> _The task_
Please transcribe only the lines between the one containing "this 1750×1225 image." and the end of the records, both ends included, exactly as written; skip every picture.

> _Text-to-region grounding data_
- - - - -

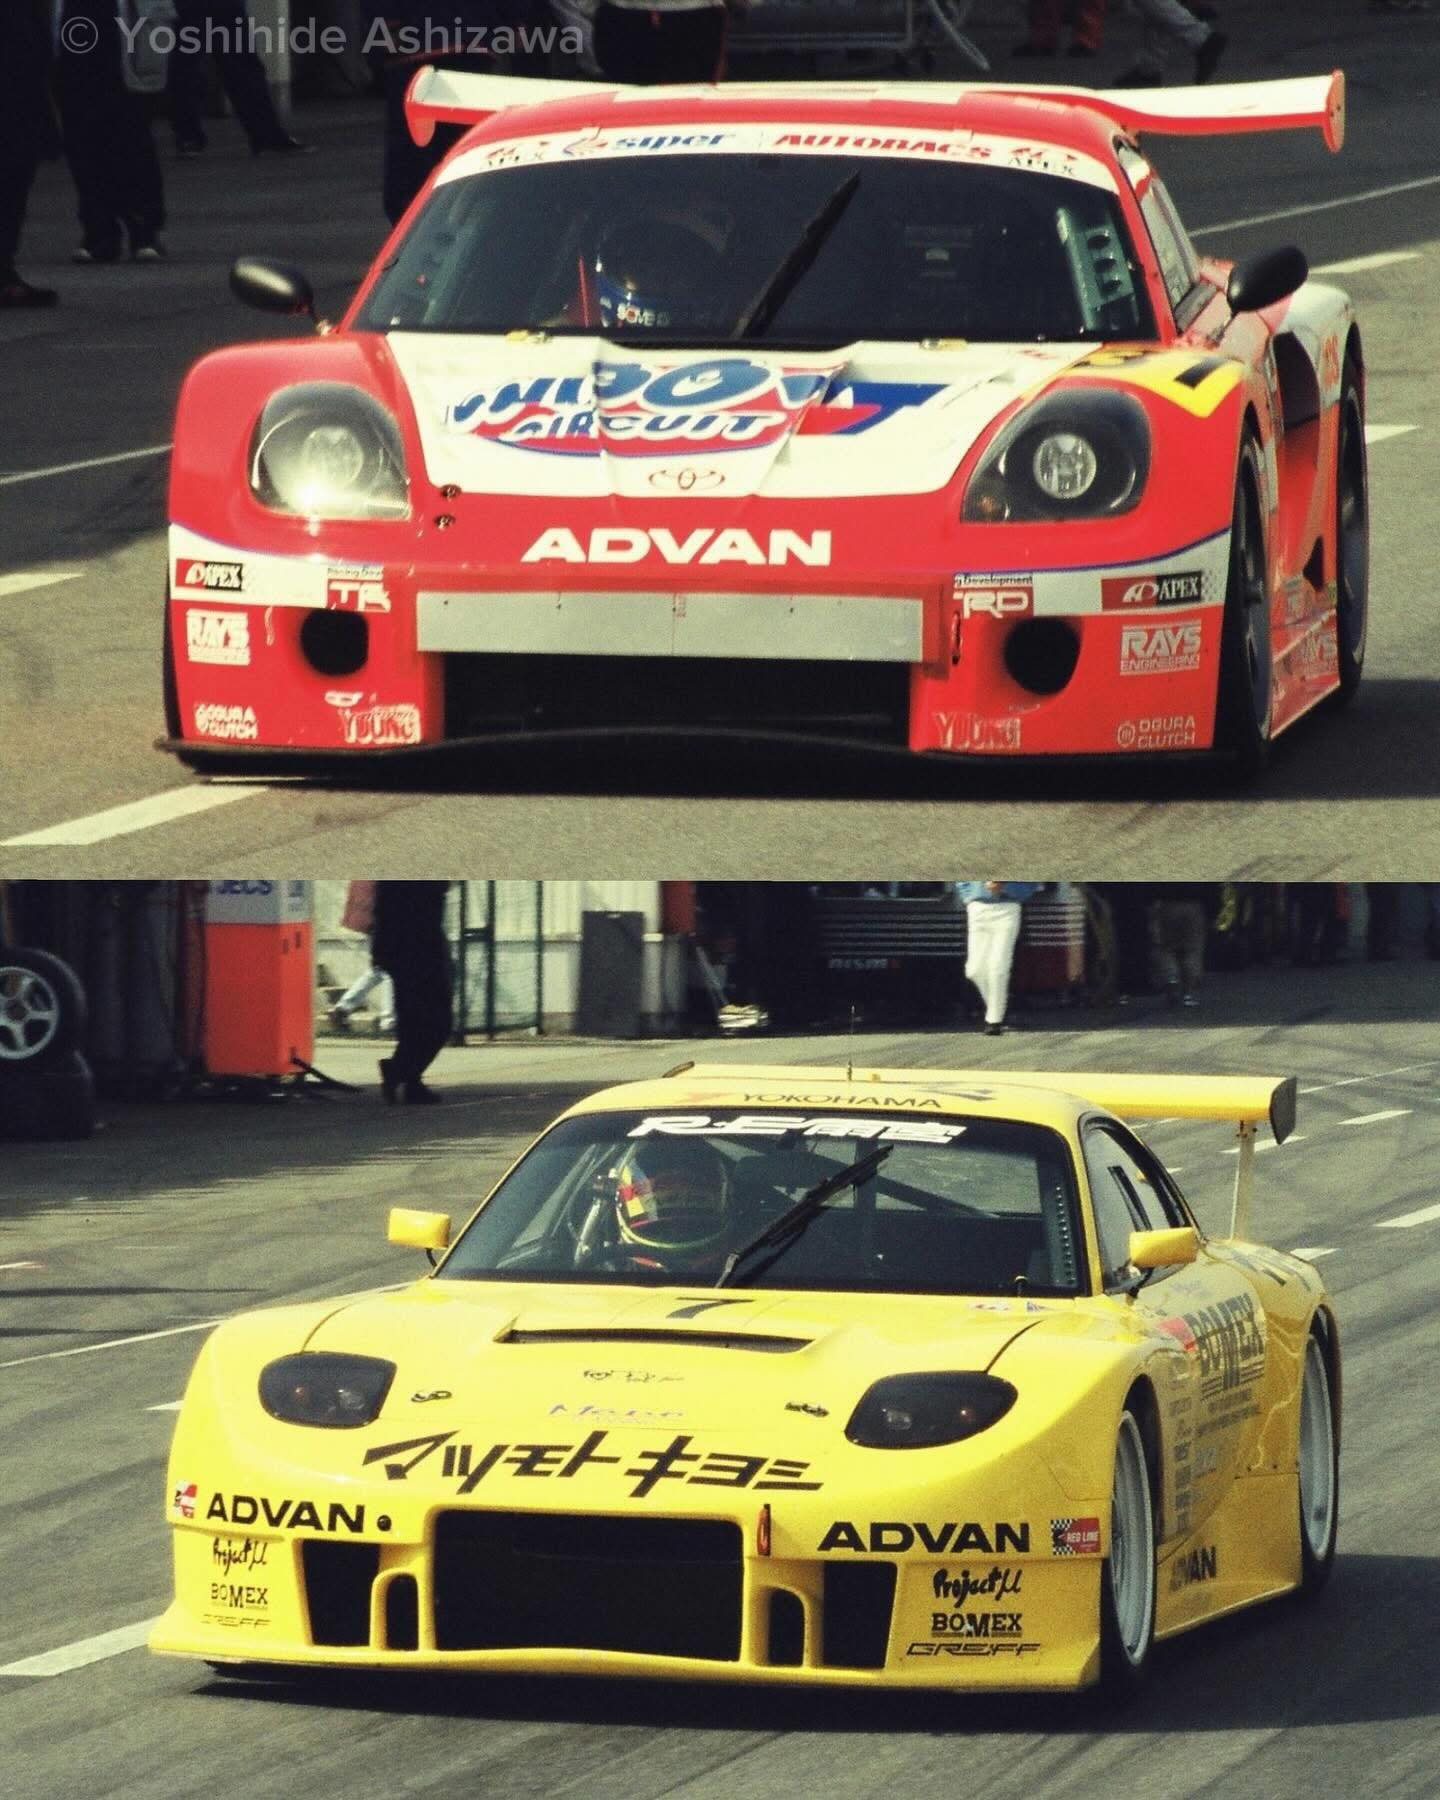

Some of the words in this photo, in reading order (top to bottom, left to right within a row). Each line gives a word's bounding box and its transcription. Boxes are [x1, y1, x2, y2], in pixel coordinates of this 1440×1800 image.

[774, 134, 993, 158] AUTOBACS
[520, 527, 832, 566] ADVAN
[1159, 576, 1199, 601] APEX
[1121, 626, 1201, 660] RAYS
[743, 1093, 941, 1109] YOKOHAMA
[666, 1296, 756, 1319] 7
[206, 1492, 365, 1533] ADVAN
[817, 1520, 1030, 1553] ADVAN
[210, 1582, 268, 1608] BOMEX
[932, 1566, 1001, 1608] Project
[931, 1612, 1023, 1637] BOMEX
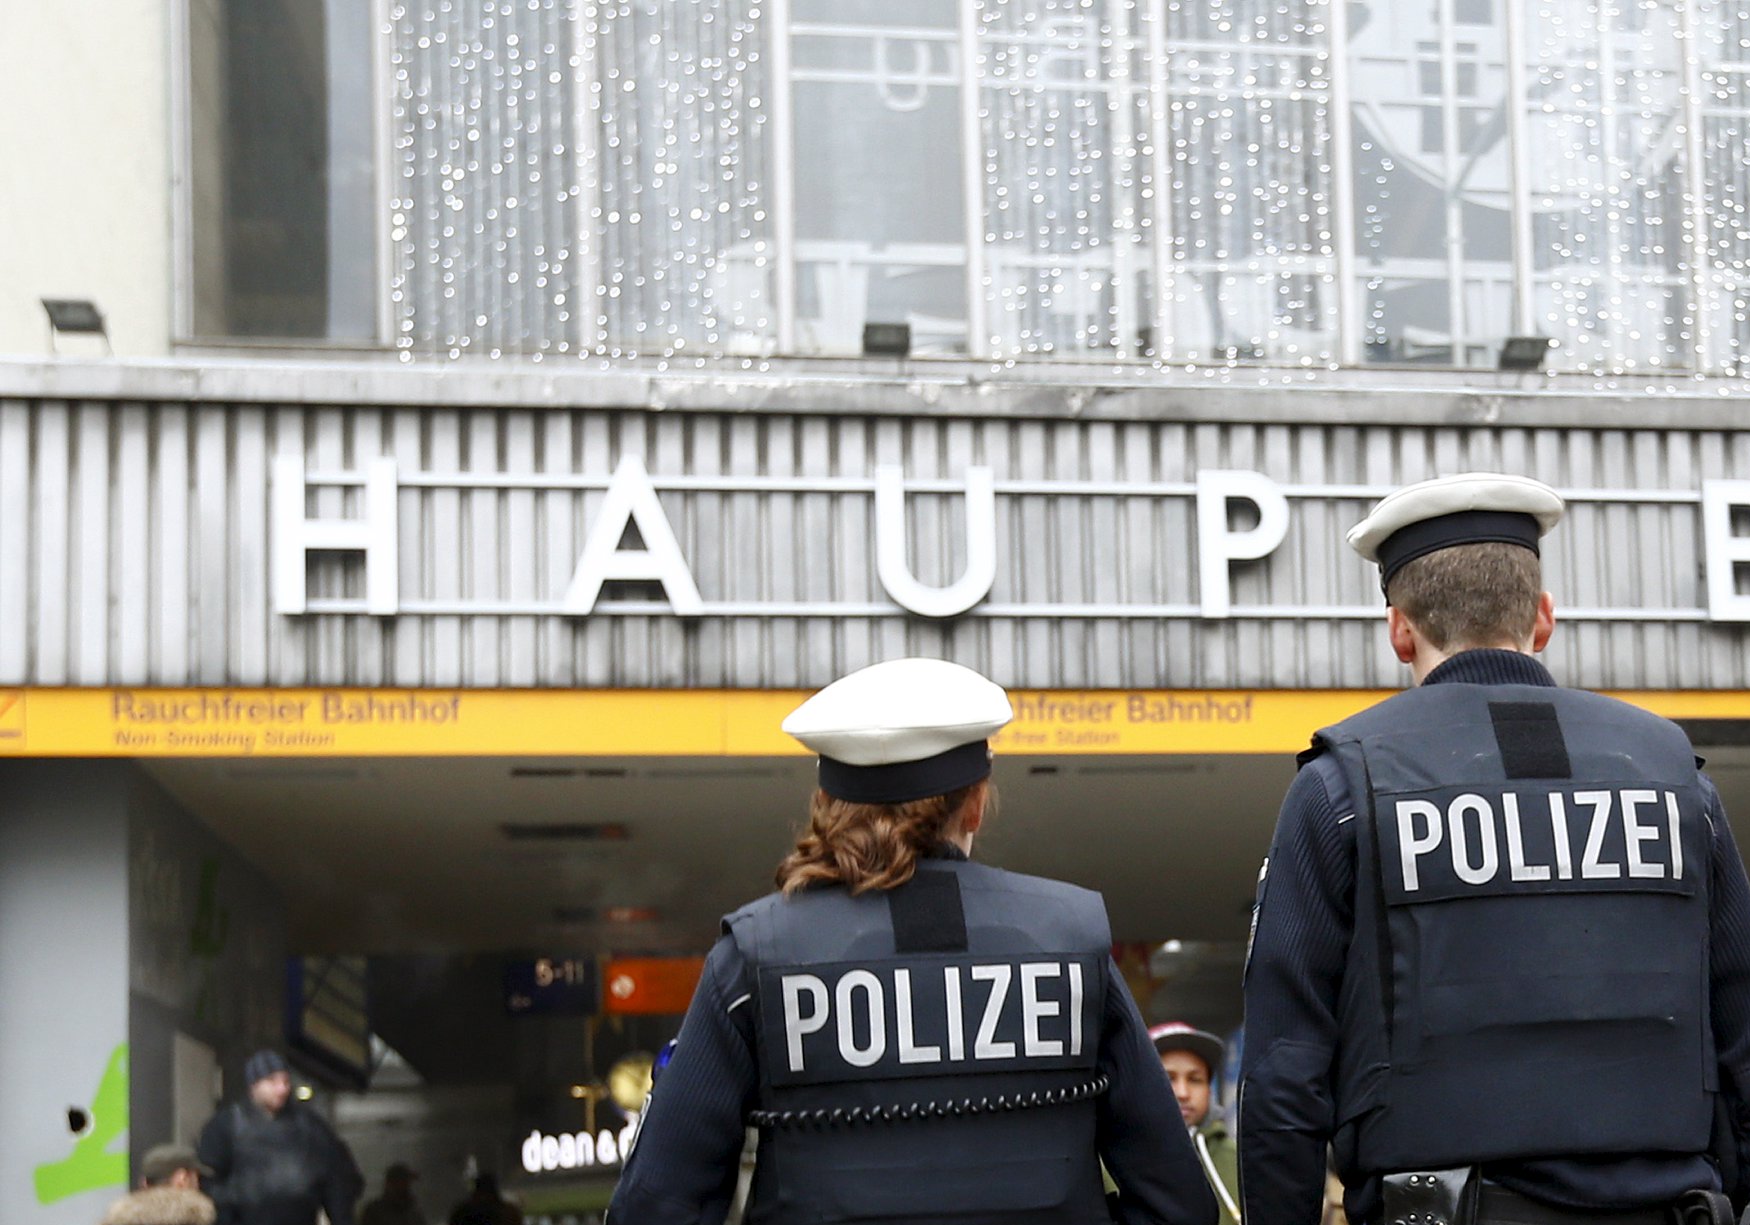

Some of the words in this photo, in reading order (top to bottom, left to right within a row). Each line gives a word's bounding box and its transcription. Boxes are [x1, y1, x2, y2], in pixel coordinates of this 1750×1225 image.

[112, 691, 309, 723] Rauchfreier
[322, 691, 460, 724] Bahnhof
[1018, 695, 1115, 722] hfreier
[1127, 695, 1253, 723] Bahnhof
[264, 731, 335, 747] Station
[1395, 789, 1684, 892] POLIZEI
[781, 962, 1084, 1073] POLIZEI
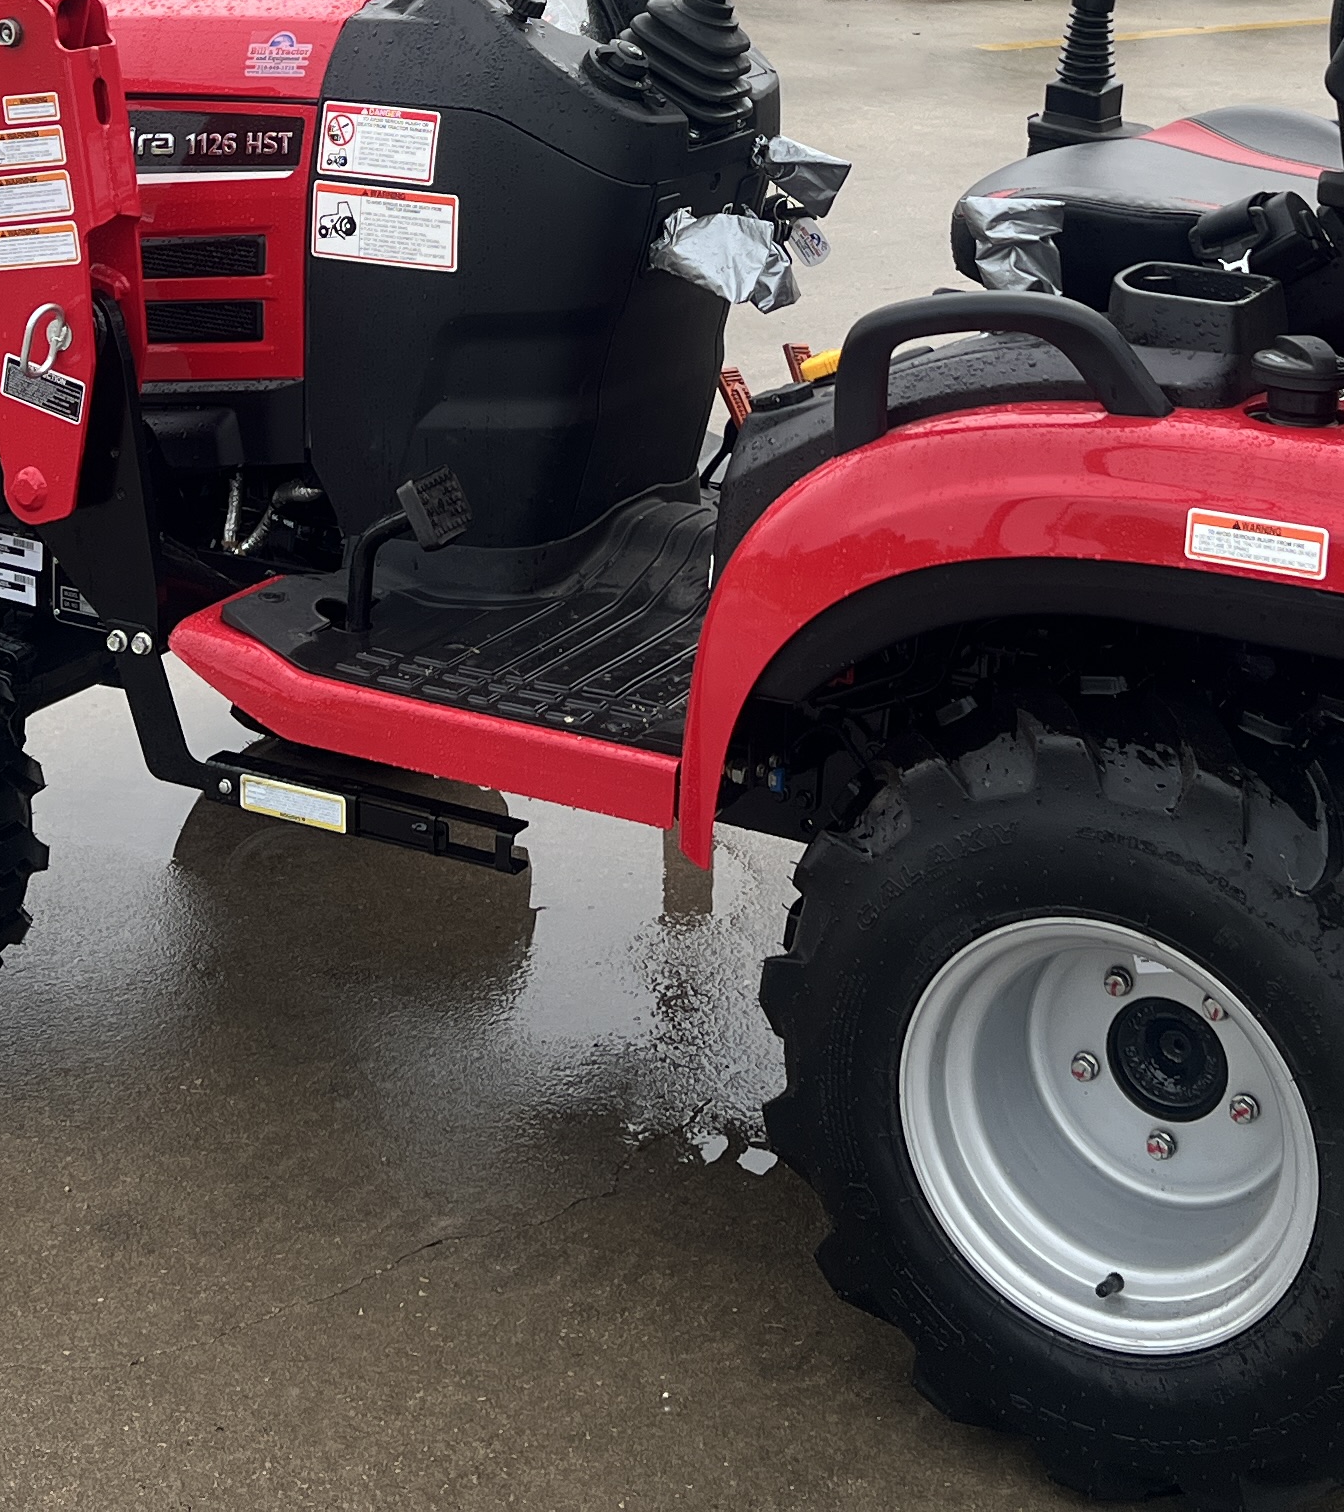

- - - - -

> _Exercise response_
Some of the words in this photo, in reading order (top to bottom, left to right within a row). Each line gives a word's bounding box and its transcription. Boxes are [x1, y1, x2, y2], in pixel coordinates of this 1750×1225 image.

[112, 691, 309, 723] Rauchfreier
[322, 691, 460, 724] Bahnhof
[1018, 695, 1115, 722] hfreier
[1127, 695, 1253, 723] Bahnhof
[264, 731, 335, 747] Station
[1395, 789, 1684, 892] POLIZEI
[781, 962, 1084, 1073] POLIZEI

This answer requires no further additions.